Table 1. Ancillary Variables Used in the Regression Tree Approach to Model Canopy Height (RH100) Estimates From GLAS
 The RF package used here was implemented in C++ with a wrapper in R language (R Development Core Team, http://www.R-project.org, 2011), and includes both regression and classification functions. Here, we employ a regression tree approach to handle a continuous, ordinal response variable (RH100). We generated one “RF forest” per Globcover class [Hagolle et al., 2005]. We considered 12 classes here, including forest/cropland mosaics but excluding shrublands. Each “RF forest” contained 500 “RF trees,” and individual “RF trees” were grown from a subset of 25000 randomly selected points and 4 predictor variables. The sampling was performed with replacement, that is, there is some overlap in the input data among “RF trees.” The results were mosaicked to produce the wall-to-wall map.
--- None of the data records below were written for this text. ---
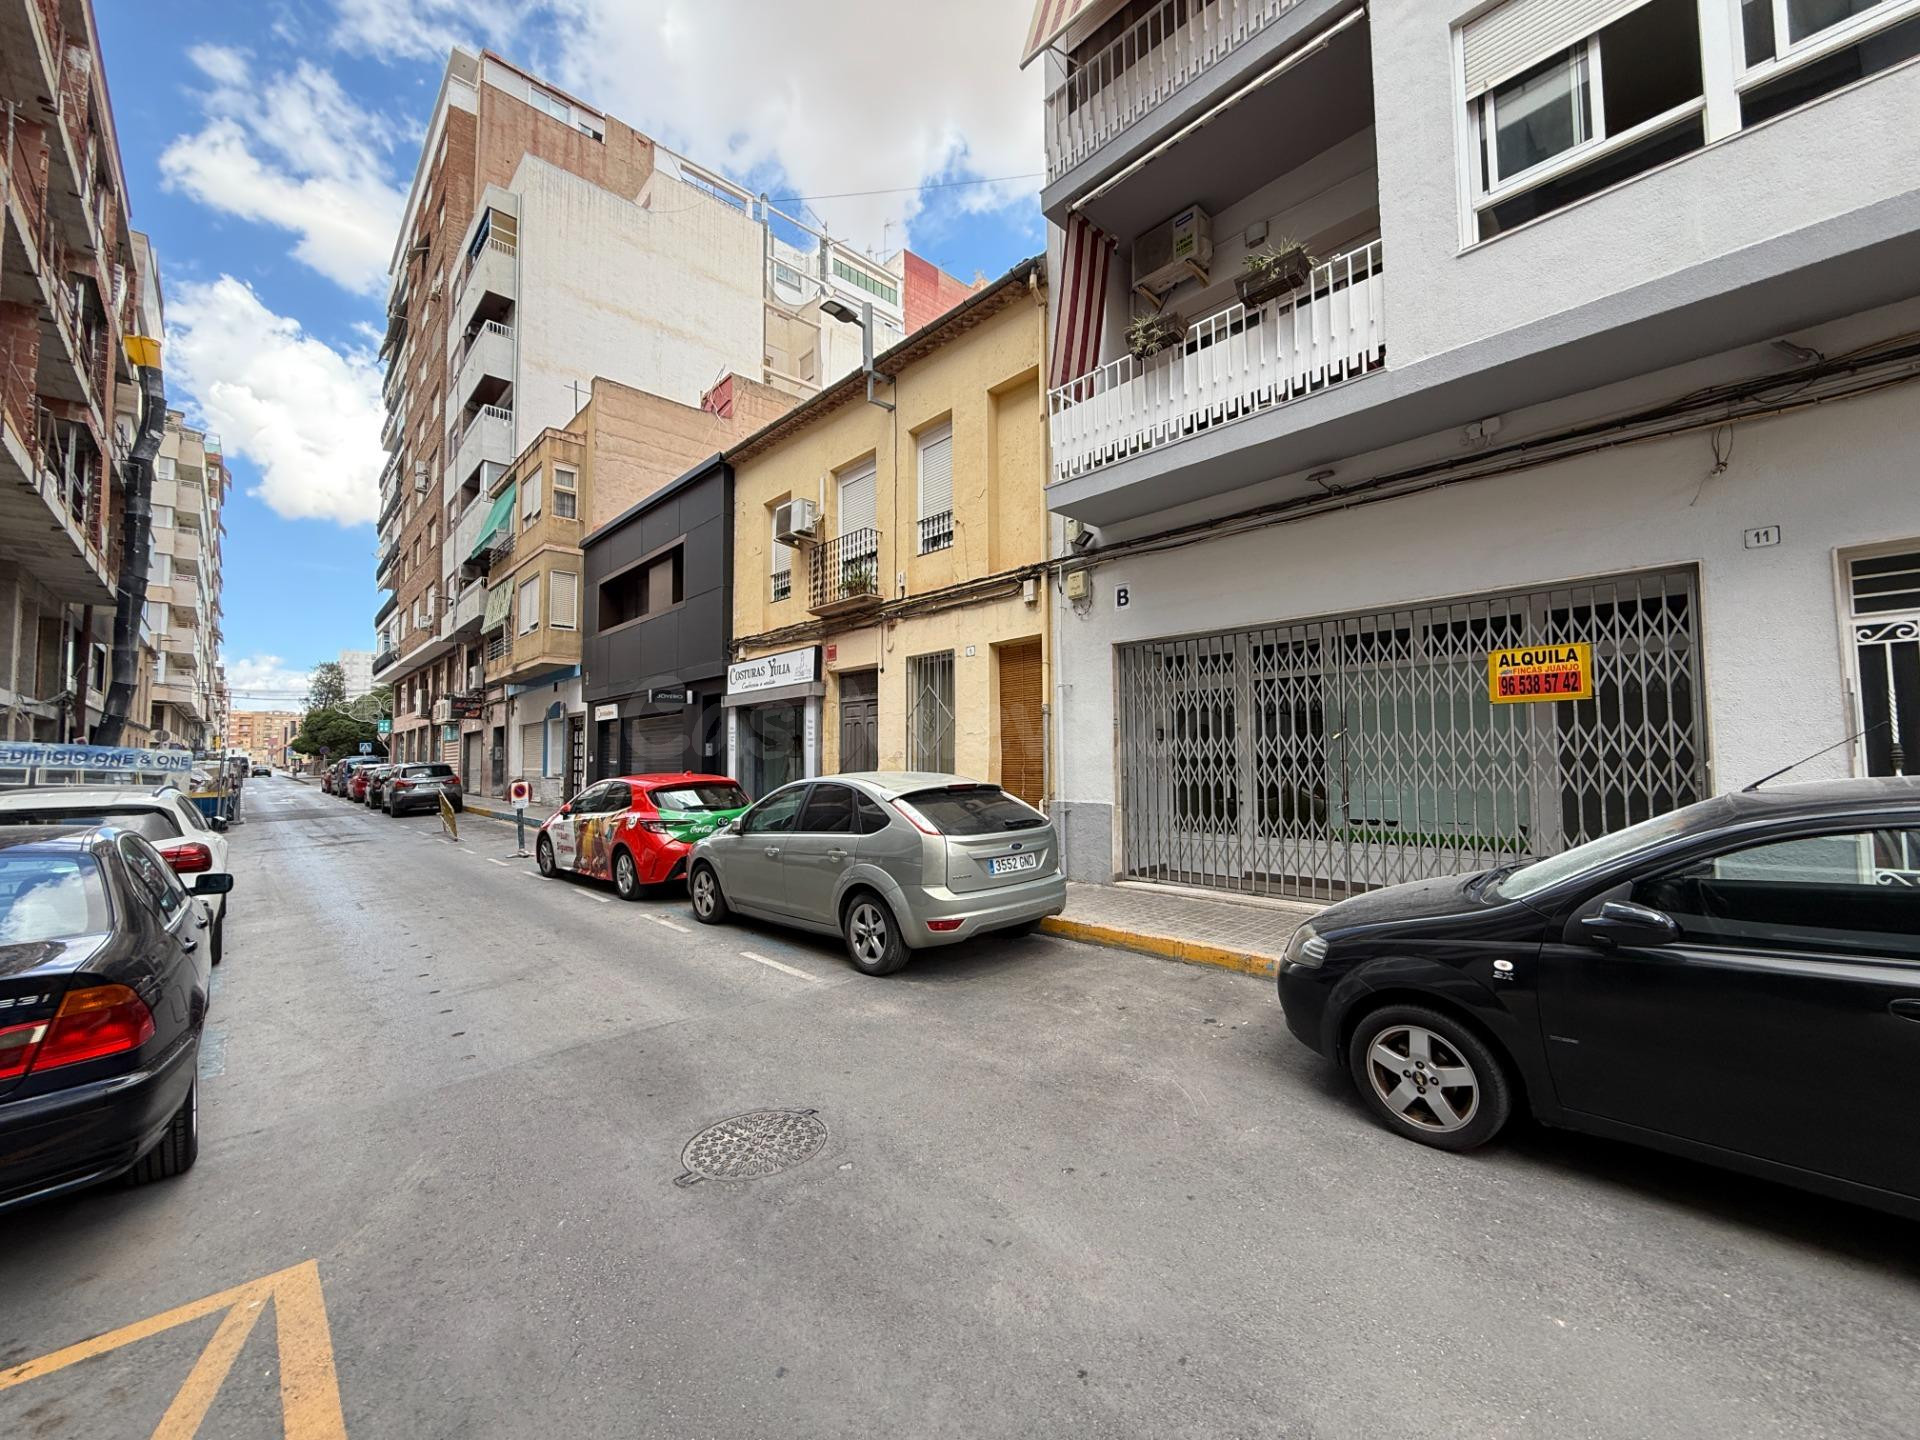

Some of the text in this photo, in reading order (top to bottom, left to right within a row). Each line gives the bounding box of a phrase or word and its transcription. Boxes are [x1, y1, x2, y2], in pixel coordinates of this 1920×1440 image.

[1754, 530, 1769, 544] 11
[1116, 588, 1130, 608] B
[1499, 647, 1579, 668] ALQUILA
[729, 665, 766, 686] COSTURAS
[768, 657, 791, 677] YULIA
[1513, 663, 1580, 675] FINCAS JUANJO
[1501, 671, 1579, 696] 96 538 57 42
[0, 750, 88, 763] EDIFICIO
[95, 752, 134, 765] ONE
[156, 755, 190, 767] ONE
[995, 857, 1019, 873] 3552
 An initial modeling attempt included slope maps derived from SRTM, but that introduced artifacts in the results so slope was removed from the list of ancillary variables. Inclusion of Normalized Difference Vegetation Index (NDVI) maps from MODIS, did not improve model accuracy. Furthermore, the model averaging employed by Random Forest creates a trade-off between overall model accuracy and ability to predict extreme values. We updated the model to address this issue with two modifications: (1) by taking the maximum prediction across all 500 trees, instead of calculating the average prediction; and (2) by developing a stratified sampling strategy to ensure that all height classes are equally represented in the training data. These two strategies led to a significant decrease in model accuracy. We decided for using the model in its original inception, which facilitates reproducibility.
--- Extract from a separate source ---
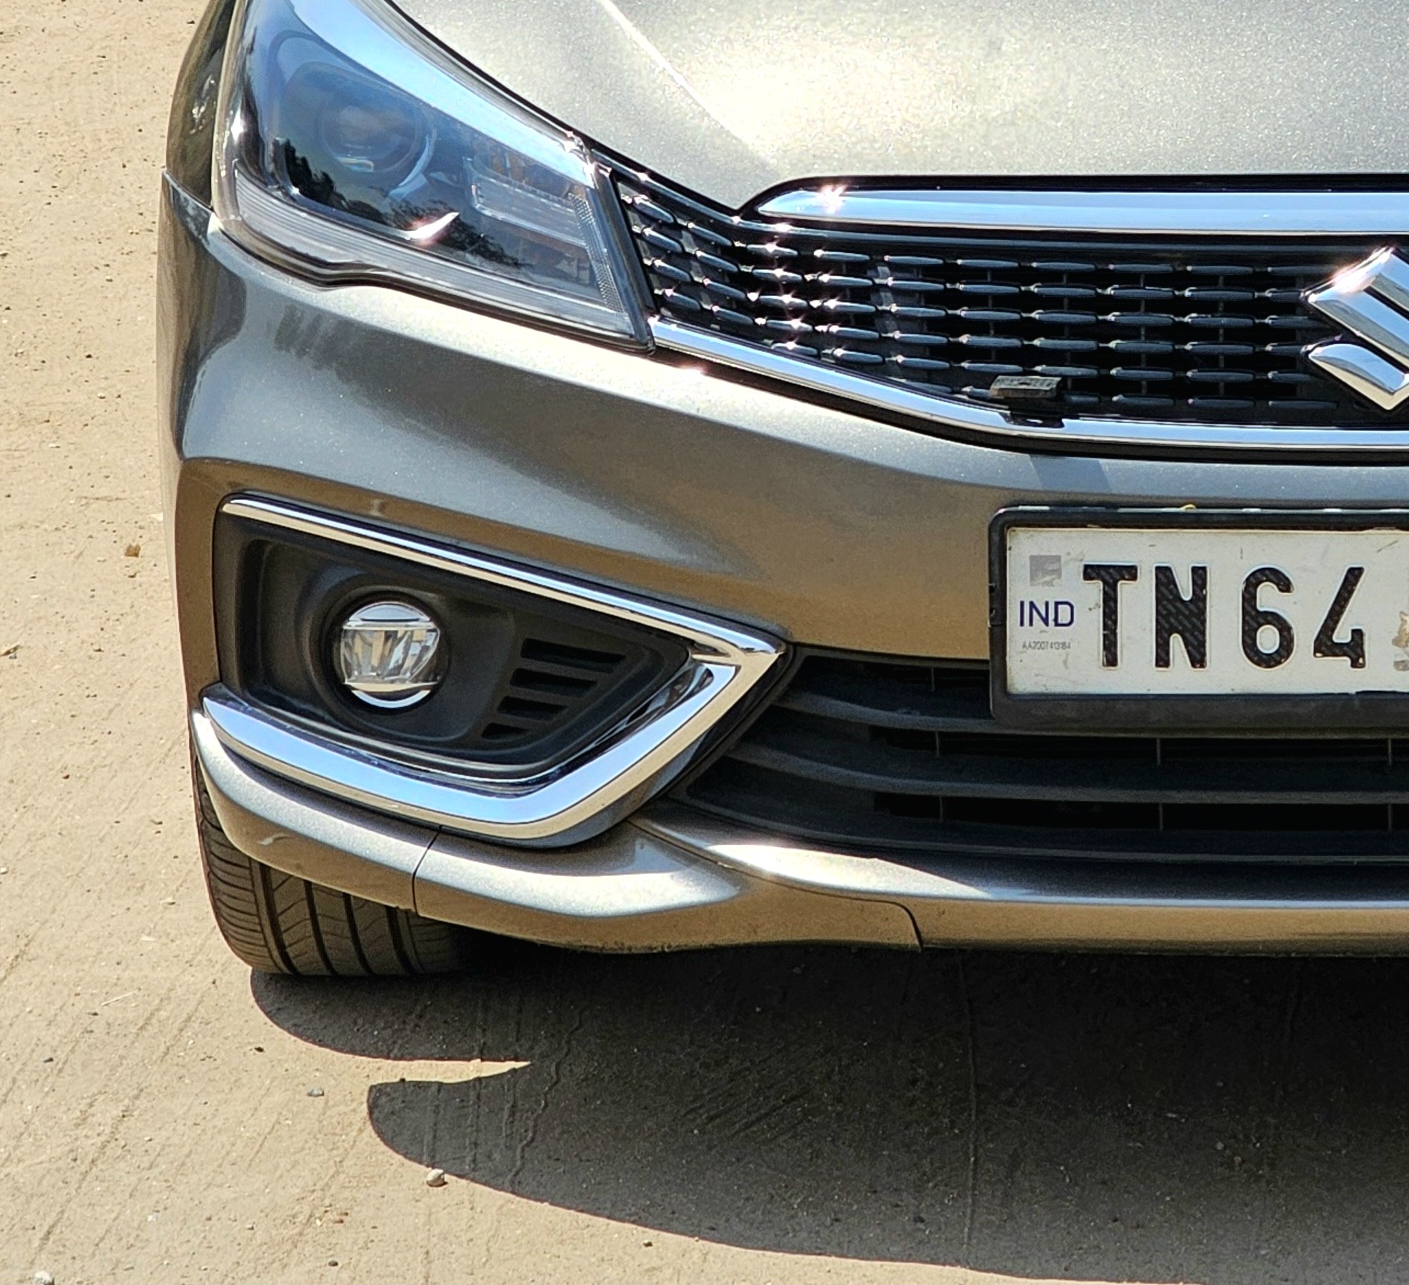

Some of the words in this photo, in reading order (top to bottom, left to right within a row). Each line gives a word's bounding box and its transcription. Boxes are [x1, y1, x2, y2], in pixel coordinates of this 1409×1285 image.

2.4. Field Calibration/Validation
 We present two forms of field validation—one for the individual GLAS estimates of canopy height within the 65 m footprints, and the other for the resultant modeled 1-km pixels from the wall-to-wall map. For clarity, we will refer to the former as the calibration procedure since it is to ensure the footprint-level RH100 measurements correspond to the top canopy height. On the other hand, comparison of field data with the resulting canopy height map will be considered as the validation procedure.
 Calibration of the RH100 derived from GLAS waveforms was based on a set of 98 co-located field measurements collected in tropical ecosystems in Uganda, Africa, during September 2008. Each field sample covered an area of 1600 m2 centered on a GLAS shot. The height of the three tallest trees within the plot was measured using a clinometer. To minimize the effect of slope [Lefsky et al., 2005b; Yang et al., 2011] in the field data, we considered only GLAS shots on terrain with a slope smaller than 10% (slope was measured with a clinometer). To minimize the effect of roughness we limited the area where tree height was collected and measured tree height only of the 3 tallest trees within a radius of 20 meters. By doing so, the measurements are derived from the footprint region with highest gain [Lee et al., 2011]. The height of the tallest tree and the average height of the three tallest trees were compared to the co-located footprint level estimates of RH100.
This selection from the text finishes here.